(Material to process Opens)

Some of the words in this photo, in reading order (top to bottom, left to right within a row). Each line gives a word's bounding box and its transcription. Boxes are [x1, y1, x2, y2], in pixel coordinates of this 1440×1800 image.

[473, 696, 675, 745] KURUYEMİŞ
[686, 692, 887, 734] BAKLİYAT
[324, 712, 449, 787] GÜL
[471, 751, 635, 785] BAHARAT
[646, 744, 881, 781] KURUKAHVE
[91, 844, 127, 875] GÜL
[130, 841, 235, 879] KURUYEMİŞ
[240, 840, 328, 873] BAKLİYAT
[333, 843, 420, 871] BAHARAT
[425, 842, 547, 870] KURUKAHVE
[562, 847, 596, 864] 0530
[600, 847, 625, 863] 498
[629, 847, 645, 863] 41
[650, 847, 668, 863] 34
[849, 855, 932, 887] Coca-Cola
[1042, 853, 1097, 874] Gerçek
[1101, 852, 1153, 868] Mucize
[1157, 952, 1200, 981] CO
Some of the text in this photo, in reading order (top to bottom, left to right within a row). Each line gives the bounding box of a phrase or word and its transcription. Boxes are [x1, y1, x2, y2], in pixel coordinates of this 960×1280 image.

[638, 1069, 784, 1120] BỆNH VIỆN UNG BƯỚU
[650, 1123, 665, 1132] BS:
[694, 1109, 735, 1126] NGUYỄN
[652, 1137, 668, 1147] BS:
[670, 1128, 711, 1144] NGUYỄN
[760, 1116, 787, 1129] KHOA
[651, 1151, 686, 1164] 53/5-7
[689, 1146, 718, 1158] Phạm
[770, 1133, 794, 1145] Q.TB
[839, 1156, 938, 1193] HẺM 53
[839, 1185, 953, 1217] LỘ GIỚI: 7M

(Material to process Closes)

Task details ▸
I'd like the material repeated word for word, please.

Answer section ▸
Some of the words in this photo, in reading order (top to bottom, left to right within a row). Each line gives a word's bounding box and its transcription. Boxes are [x1, y1, x2, y2], in pixel coordinates of this 1440×1800 image.

[473, 696, 675, 745] KURUYEMİŞ
[686, 692, 887, 734] BAKLİYAT
[324, 712, 449, 787] GÜL
[471, 751, 635, 785] BAHARAT
[646, 744, 881, 781] KURUKAHVE
[91, 844, 127, 875] GÜL
[130, 841, 235, 879] KURUYEMİŞ
[240, 840, 328, 873] BAKLİYAT
[333, 843, 420, 871] BAHARAT
[425, 842, 547, 870] KURUKAHVE
[562, 847, 596, 864] 0530
[600, 847, 625, 863] 498
[629, 847, 645, 863] 41
[650, 847, 668, 863] 34
[849, 855, 932, 887] Coca-Cola
[1042, 853, 1097, 874] Gerçek
[1101, 852, 1153, 868] Mucize
[1157, 952, 1200, 981] CO
Some of the text in this photo, in reading order (top to bottom, left to right within a row). Each line gives the bounding box of a phrase or word and its transcription. Boxes are [x1, y1, x2, y2], in pixel coordinates of this 960×1280 image.

[638, 1069, 784, 1120] BỆNH VIỆN UNG BƯỚU
[650, 1123, 665, 1132] BS:
[694, 1109, 735, 1126] NGUYỄN
[652, 1137, 668, 1147] BS:
[670, 1128, 711, 1144] NGUYỄN
[760, 1116, 787, 1129] KHOA
[651, 1151, 686, 1164] 53/5-7
[689, 1146, 718, 1158] Phạm
[770, 1133, 794, 1145] Q.TB
[839, 1156, 938, 1193] HẺM 53
[839, 1185, 953, 1217] LỘ GIỚI: 7M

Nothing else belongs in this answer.